[Opening INPUT DATA section]

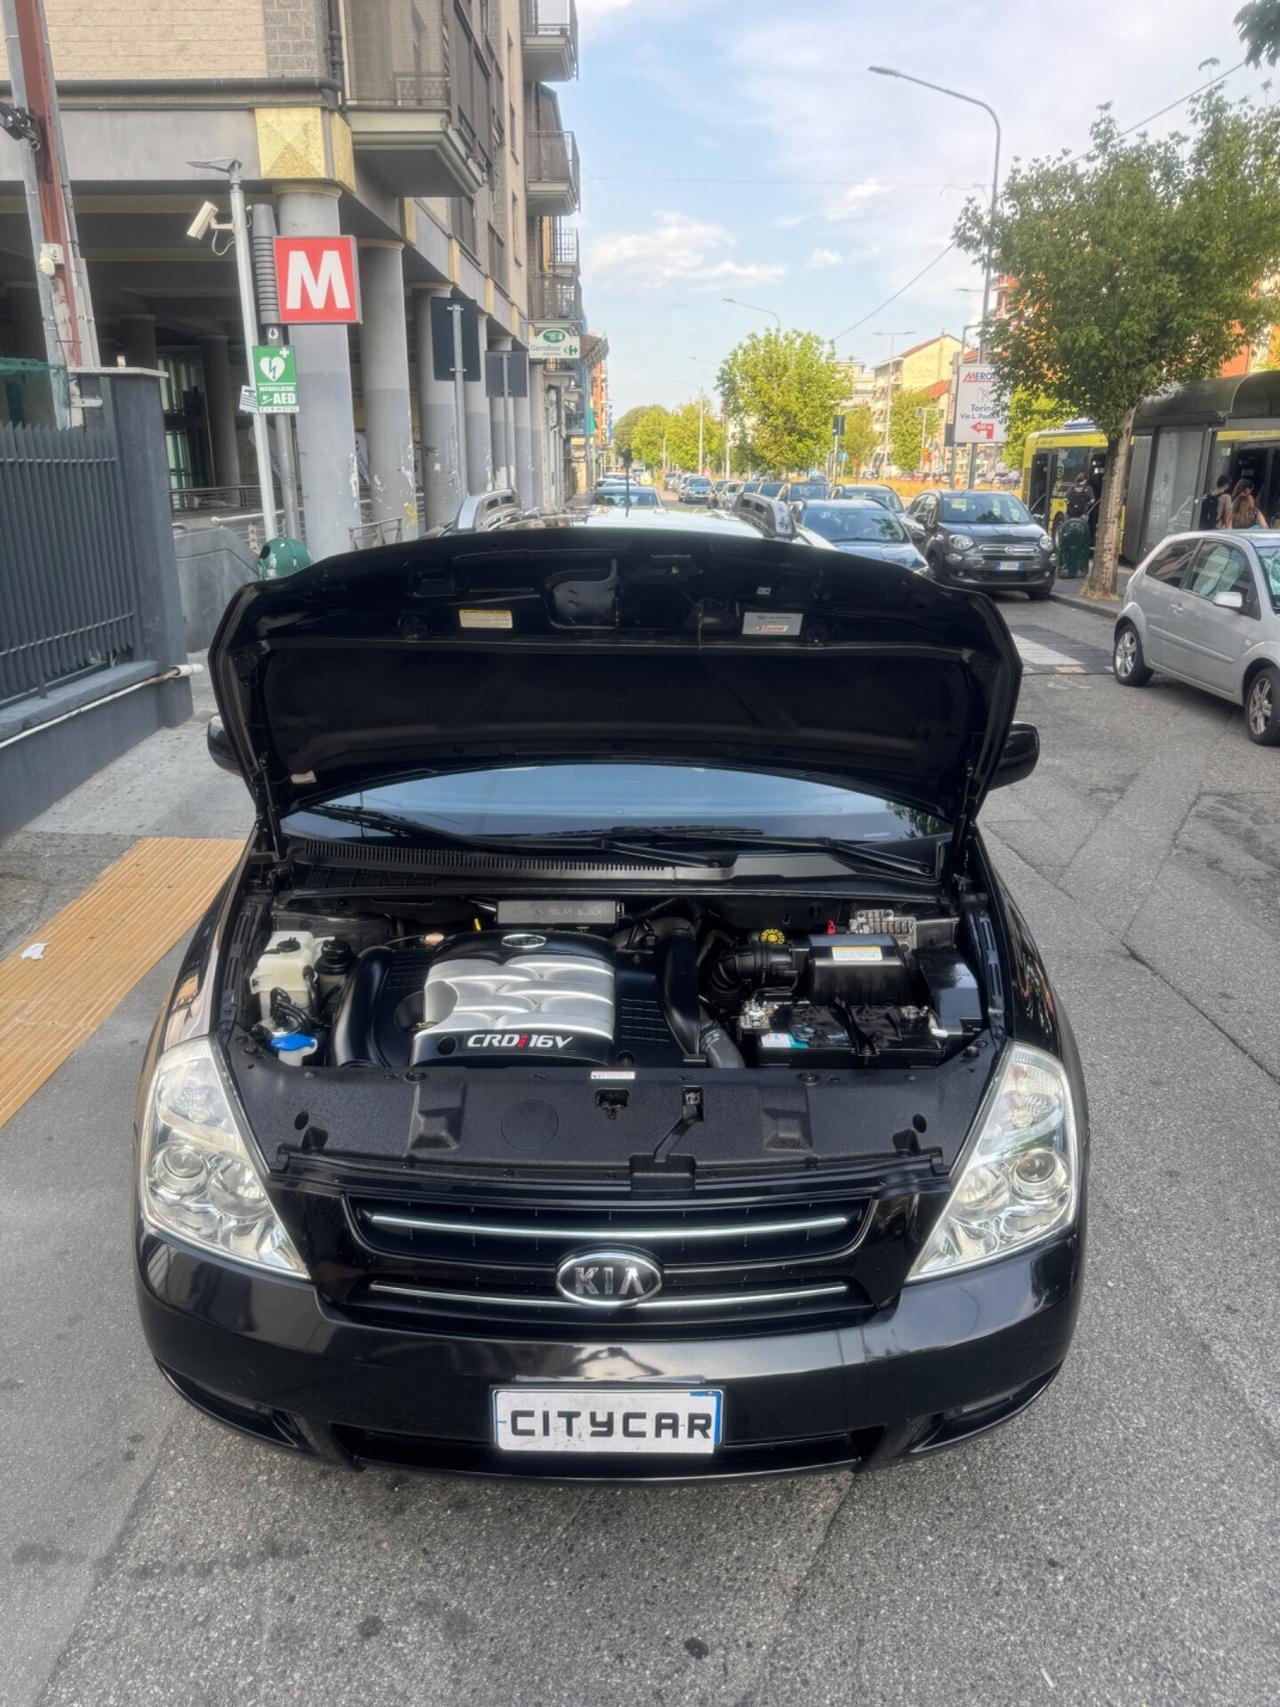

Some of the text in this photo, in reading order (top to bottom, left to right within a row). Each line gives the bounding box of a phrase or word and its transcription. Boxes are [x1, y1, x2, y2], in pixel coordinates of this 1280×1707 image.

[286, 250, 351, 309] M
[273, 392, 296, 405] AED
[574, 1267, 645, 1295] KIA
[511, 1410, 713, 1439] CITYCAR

[Closing INPUT DATA section]

Give back the records exactly, minus any pictures.

Some of the text in this photo, in reading order (top to bottom, left to right within a row). Each line gives the bounding box of a phrase or word and its transcription. Boxes are [x1, y1, x2, y2], in pixel coordinates of this 1280×1707 image.

[286, 250, 351, 309] M
[273, 392, 296, 405] AED
[574, 1267, 645, 1295] KIA
[511, 1410, 713, 1439] CITYCAR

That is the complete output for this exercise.